Sales of the Verde body initially proved very slow, with only two demonstrators produced by Plaxton during 1991. A year after the Verde was launched, Cardiff Bus became the first bus operator in the United Kingdom to take delivery of the type, ordering 14 on Scania N113CRB chassis that were delivered in February 1992. These were followed in October 1993 by the delivery of ten Verdes on Dennis Lance chassis to South Wales Transport.
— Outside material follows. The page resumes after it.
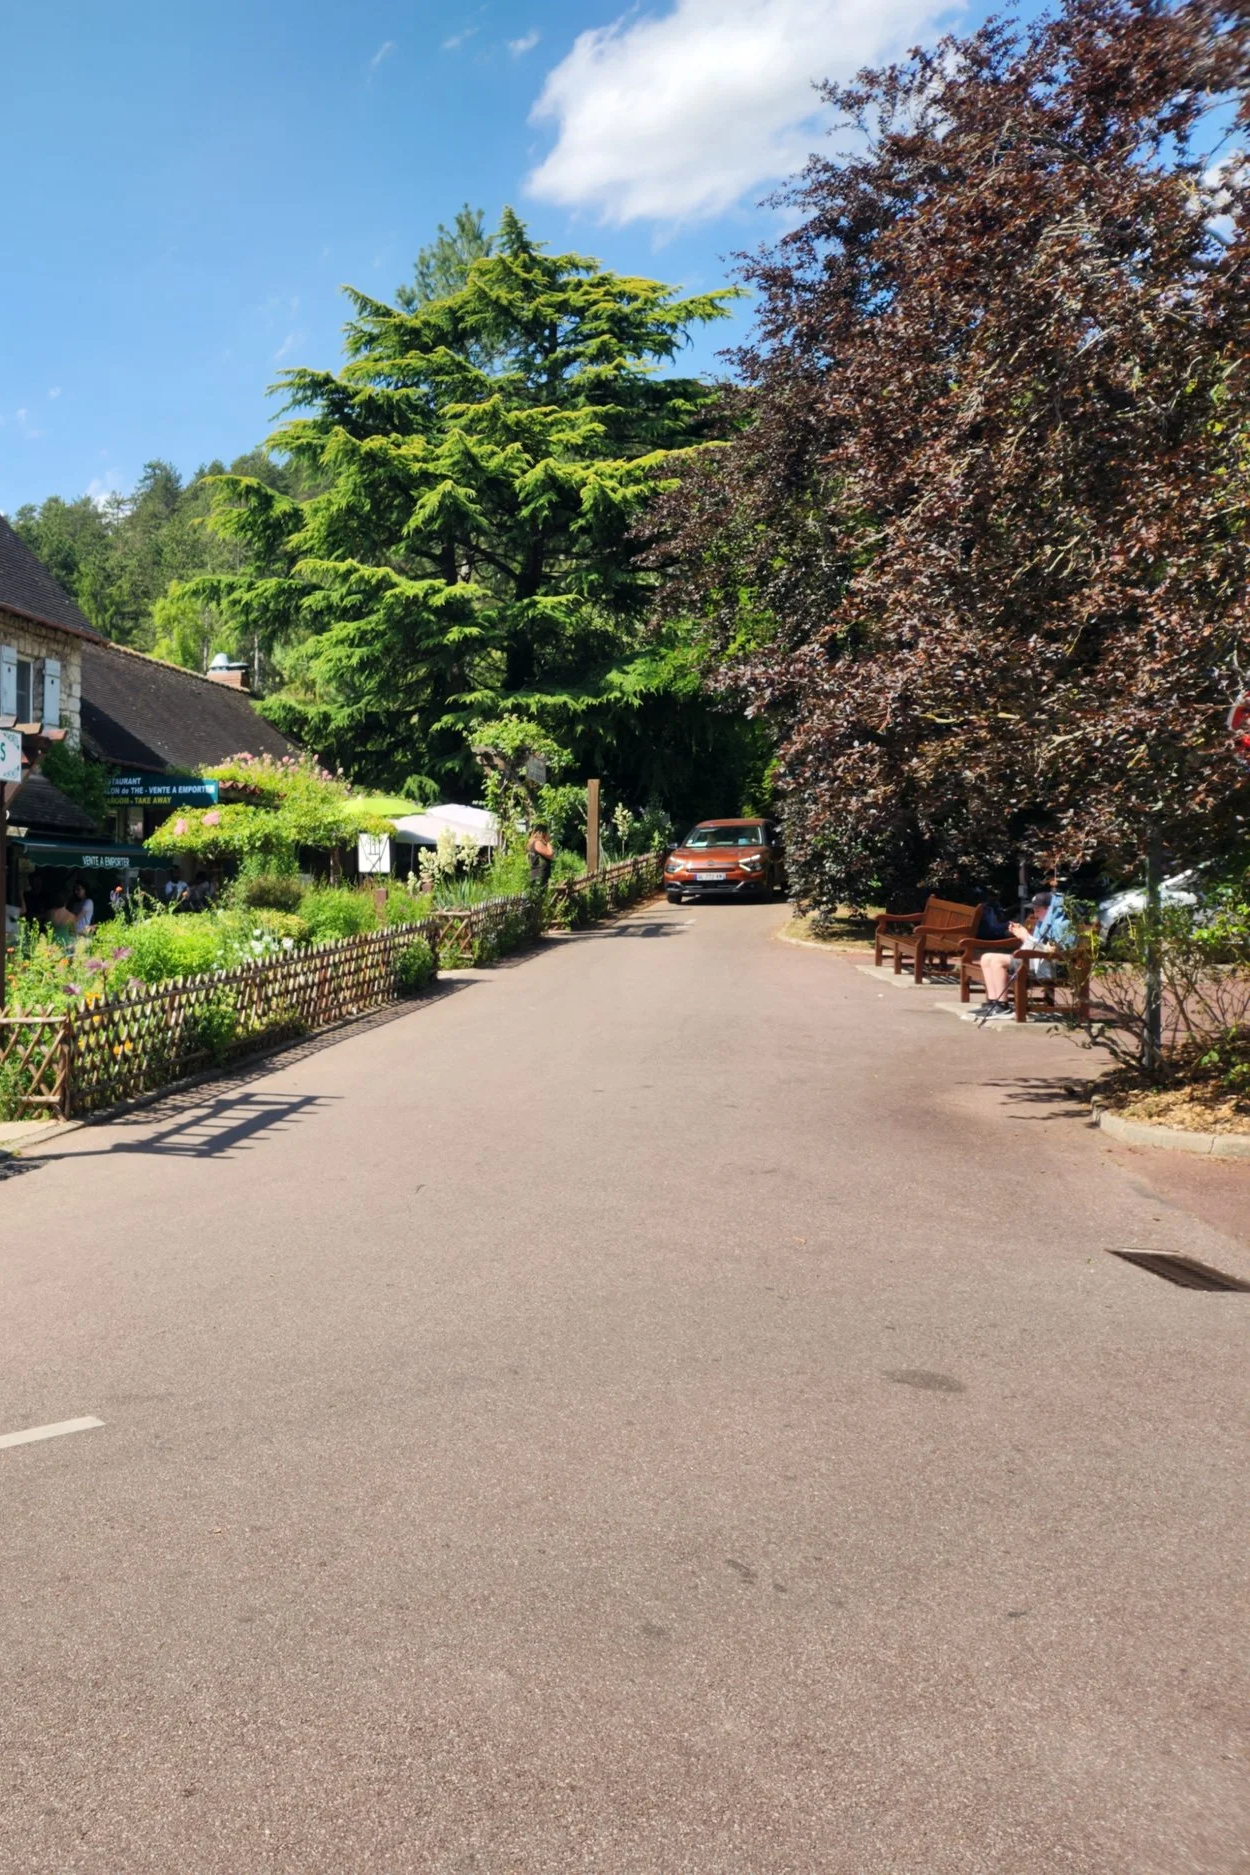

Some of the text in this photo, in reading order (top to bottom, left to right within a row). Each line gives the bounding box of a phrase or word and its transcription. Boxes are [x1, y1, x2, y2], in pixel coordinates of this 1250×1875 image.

The first large operator to order Verdes was Dublin Bus, who took delivery of 40 dual-door Plaxton Verdes on DAF SB220 chassis in 1992 to introduce a new high-frequency brand known as 'CitySwift'. These Verdes received a number of modifications, mainly centred around the cab layout and overall strength, in order to be certified to Irish and European Economic Community standards. Throughout their service life, however, Dublin Bus' Verdes were plagued with structural problems and would return to Plaxton's Scarborough factory more than once for remedial treatment.

Other large purchasers were Yorkshire Rider (78), Midland Red West (56), Oxford Bus Company (43), Badgerline (16), Cleveland Transit (12), Clydeside 2000 (10) and North Western (10). London Buses subsidiary Selkent's Catford garage took delivery of twelve dual-door Verdes on Dennis Lance chassis in 1994 for use on route 208. Over 330 were built.